Models that describe battery dynamic processes at all levels are not feasible. Therefore, mechanistic battery models, referred to as full-order models (FOMs), need to be tailored to specific purposes that require a deep understanding of a particular aspect of the battery’s operation and performance. Many mechanistic models have been developed specifically to describe battery thermal behavior [8,9,10,11,12]. In general, models for analysis and diagnosis purposes employ detailed simulations of the battery’s physics and, thus, are often multidimensional, multiphysics models and are computationally slow. Models for control and optimization applications are usually computationally fast, but provide a limited description of the underlying physics. The most commonly used mechanistic model for single-battery cells is a lumped parameter simplification of a FOM called the pseudo-two-dimensional (P2D) model. Even given P2D simplifications of battery homogeneity and a constant electrode thickness, P2D models still use more than fifteen parameters specific to a particular battery and their computational cost is still too high for control and optimization applications. On the other hand, P2M parameters are too lumped to provide much insight into the underlying phenomena [13,14]. Decades of research have been conducted to develop reduced-order models (ROMs) that adequately retain the robustness of FOMs without excessive computational complexity. The state of the art for the various methods of achieving Li-ion battery ROMs has recently been reviewed in the literature [15,16]. We limit our following discussion of such methods to equivalent circuit models (ECMs), their model-based extensions, and the single-particle model approximation. These methods are most pertinent since our ROM, developed in the following sections, is a single-particle application and is most likely to be used instead of or alongside an ECM.

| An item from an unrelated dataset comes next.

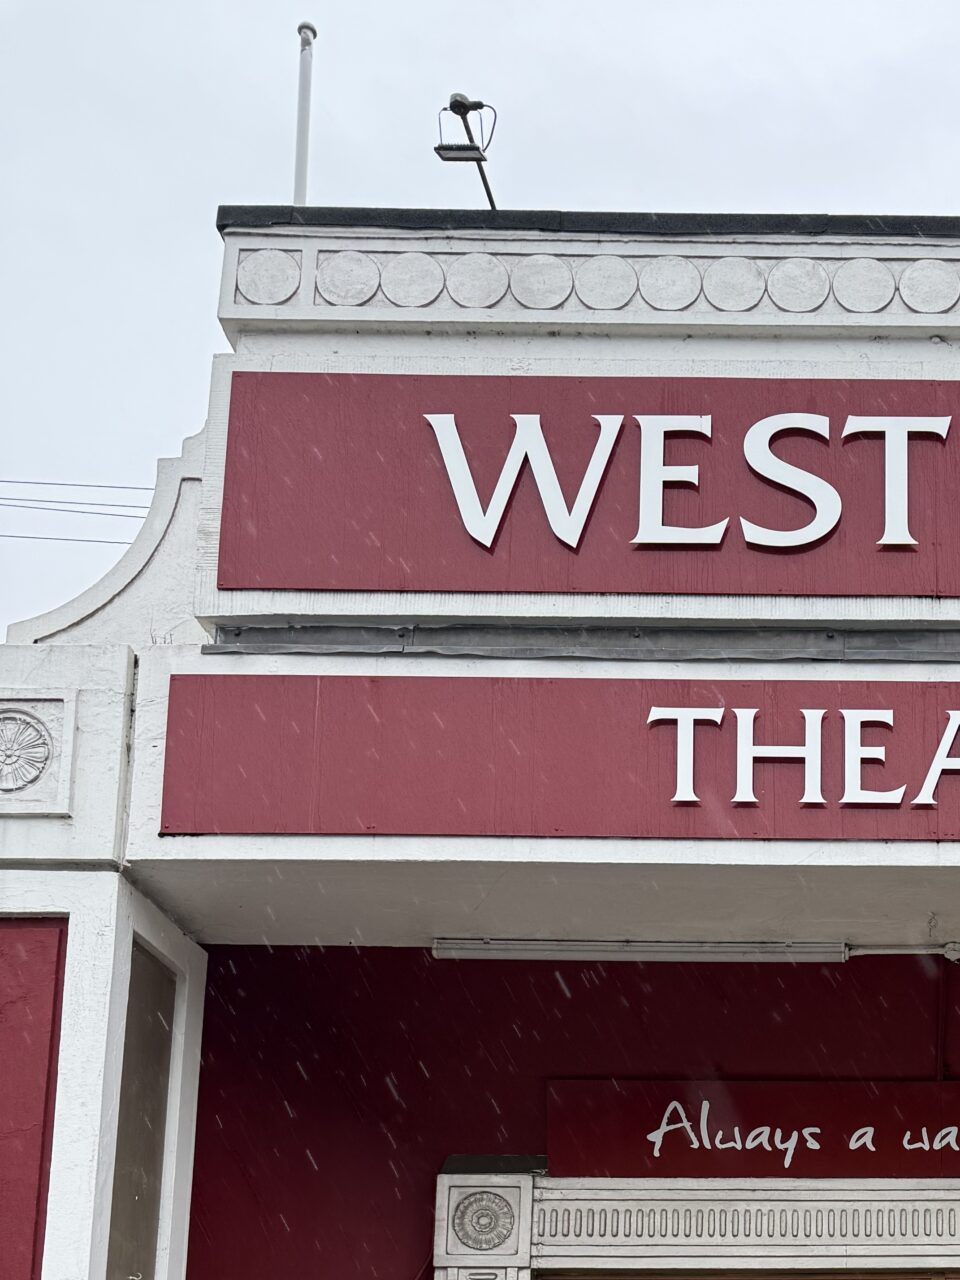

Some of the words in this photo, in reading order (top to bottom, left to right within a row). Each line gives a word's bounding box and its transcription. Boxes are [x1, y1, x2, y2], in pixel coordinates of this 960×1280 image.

[423, 412, 952, 548] WEST
[646, 1100, 821, 1168] Always
[849, 1125, 876, 1151] a

ECMs that do not consider fundamental physics have been extensively used to imitate the relationships between battery input and output systems while offering real-time computation [17,18,19,20,21,22]. ECMs use electrical circuits to simulate lithium-ion cells utilizing capacitors to shape the battery capacity, while variable resistors and controlled-voltage sources shape the temperature effect or SOC variations. Black-box modeling is another extensively applied method to provide real-time computation. It relies on developing an equivalent transform function with different inputs and outputs. Like ECMs, this method depends on experimental data for a specified battery [23]. ECMs and transform functions are generally implemented in a “mixed approach” along with thermal and aging models, as shown in Figure 1 [24].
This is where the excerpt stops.